Since relators have abandoned their plea of the ten-year acquisitive prescription, the principal question for decision herein is the validity of their plea of the 30-year prescription acquirendi causa under Article 3499 of the Civil Code.

Unlike the majority, I do not regard the 30-year liberative prescription provided for by Article 3548 of the Civil Code to be of any importance in the case as that codal article, declaring that all actions for immovable property are prescribed by 30 years, is merely an affirmance of Article 3499, by which the ownership of immovable property is acquired through 30 years adverse possession.1 It is well settled by the cases cited in Footnote 1 that an owner of land does not lose his title by prescription because he remains out of possession for any length of time unless someone else has been in possession long enough to acquire title-by prescription. The reason for this, as said in Thibodeaux v. Bonnabel Land Company, 171 La. 639, 131 So. 833, 837, “* * * is that an owner has as much right to remain out of possession as he has to remain in possession of his property; the only risk of remaining out of possession being that some one else might be in possession long enough to acquire title by prescription.”

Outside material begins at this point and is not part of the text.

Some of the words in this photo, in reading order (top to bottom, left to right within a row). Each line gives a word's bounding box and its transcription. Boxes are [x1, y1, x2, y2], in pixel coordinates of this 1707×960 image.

However, I agree that relators’ plea of 30' years acquisitive prescription is well founded for, although Stokes Seals’ possession of the tract would normally be regarded as precarious since he was a co-heir with his brothers and sisters of Henry Seals’ succession (see Lee v. Jones, 224 La. 231, 69 So.2d 26 and cases there cited), he went into possession of the property not as a co-heir or co-owner but as sole owner thereof under a title translative of the property *1083notwithstanding that the title under which he acquired was not a good prescriptive title, inasmuch as he, as found by the Court of Appeal (see 142 So.2d at page 633), was in legal bad faith.

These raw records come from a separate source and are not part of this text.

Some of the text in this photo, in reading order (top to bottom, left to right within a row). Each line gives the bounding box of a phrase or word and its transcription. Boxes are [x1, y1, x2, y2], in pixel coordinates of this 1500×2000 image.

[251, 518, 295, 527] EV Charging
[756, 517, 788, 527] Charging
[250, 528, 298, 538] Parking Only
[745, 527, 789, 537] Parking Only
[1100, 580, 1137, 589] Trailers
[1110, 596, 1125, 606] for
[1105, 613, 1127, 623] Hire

A distinction should be recognized, I think, between a case like this, in which a co-owner pleading 30-year acquisitive prescription takes initial possession under a deed translative of the property, albeit invalid, and a case in which a co-owner enters possession of the whole without a paper title and without clearly indicating to the other co-owners that he intends his possession to be hostile to their interests. In the first instance, it strikes me that the very fact that he acquires a title for valuable consideration, as in this case, is sufficient to rebut any legal presumption that he is possessing for his co-heirs or co-owners, which normally obtains in cases in which the co-owner simply takes possession of the land. Accordingly, in this case, the fact that Stokes Seals entered the property in 1913 under a title and possessed as owner for over 30 years is sufficient, in my opinion, to warrant maintenance of the plea of 30-year acquisitive prescription and this despite the fact, as indicated by the evidence, that he may have permitted some of his co-heirs to live thereon by sufferance.

For these reasons, I concur in the decree.

. See Generes v. Bowie Lumber Co., 143 La. 811, 79 So. 413; Harang v. Golden Ranch Drainage Co., 143 La. 982, 79 So. 768; Thibodeaux v. Bonnabel Land Company, 171 La. 639, 131 So. 833; Buckley v. Catlett, 203 La. 54, 13 So.2d 384 and Lee v. Jones, 224 La. 231, 69 So.2d 26.